What is being asked
Each record below should be returned word for word, with no pictures included.

(Exercise inputs begins)

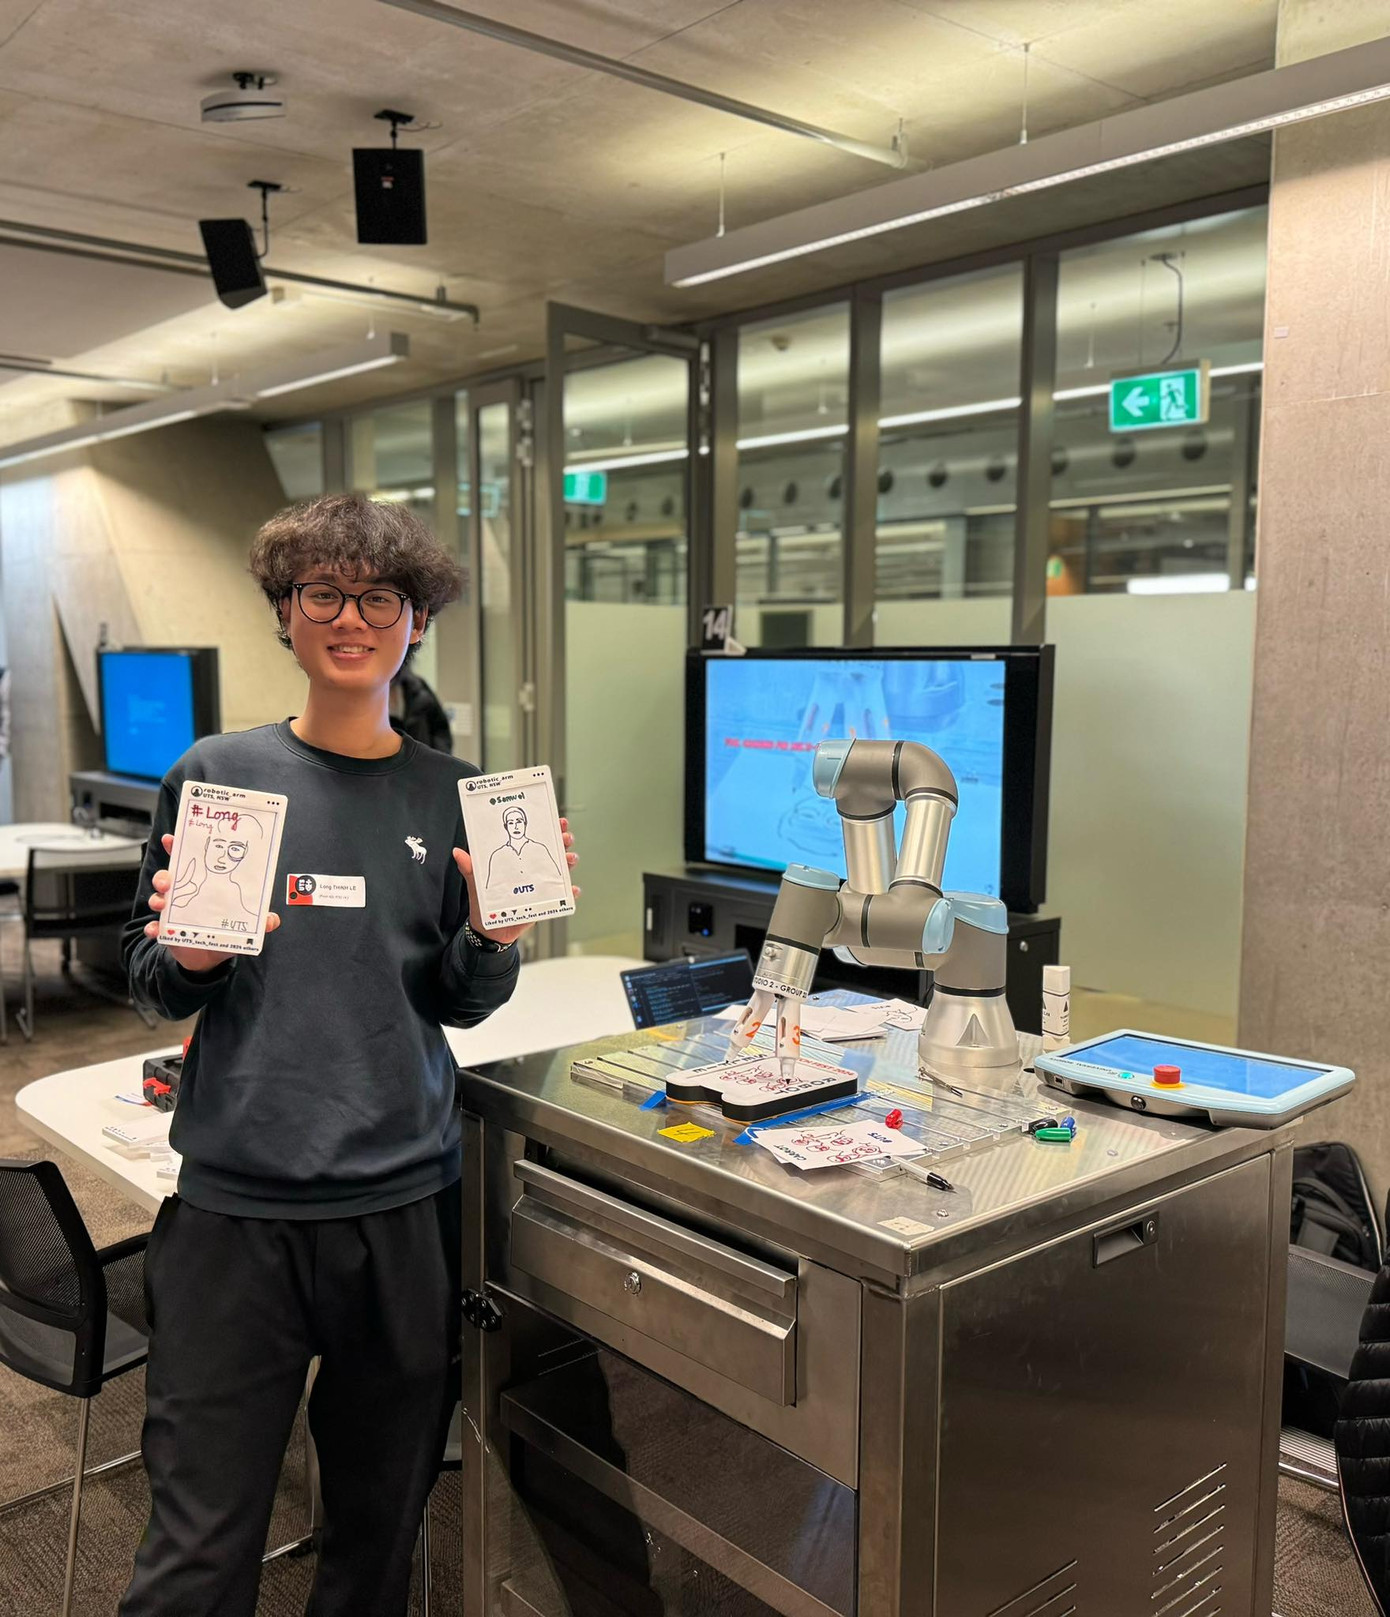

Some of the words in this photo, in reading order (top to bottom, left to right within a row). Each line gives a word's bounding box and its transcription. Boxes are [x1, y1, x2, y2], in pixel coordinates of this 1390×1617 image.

[703, 609, 727, 640] 14
[476, 774, 514, 785] robotic_arm
[203, 788, 246, 799] robotic_arm
[221, 918, 248, 932] #UTS
[780, 984, 803, 997] GROUP
[745, 1021, 761, 1038] 2
[792, 1025, 801, 1045] 3
[774, 1077, 837, 1094] ROBOT

(Exercise inputs ends)

Your response
Some of the words in this photo, in reading order (top to bottom, left to right within a row). Each line gives a word's bounding box and its transcription. Boxes are [x1, y1, x2, y2], in pixel coordinates of this 1390×1617 image.

[703, 609, 727, 640] 14
[476, 774, 514, 785] robotic_arm
[203, 788, 246, 799] robotic_arm
[221, 918, 248, 932] #UTS
[780, 984, 803, 997] GROUP
[745, 1021, 761, 1038] 2
[792, 1025, 801, 1045] 3
[774, 1077, 837, 1094] ROBOT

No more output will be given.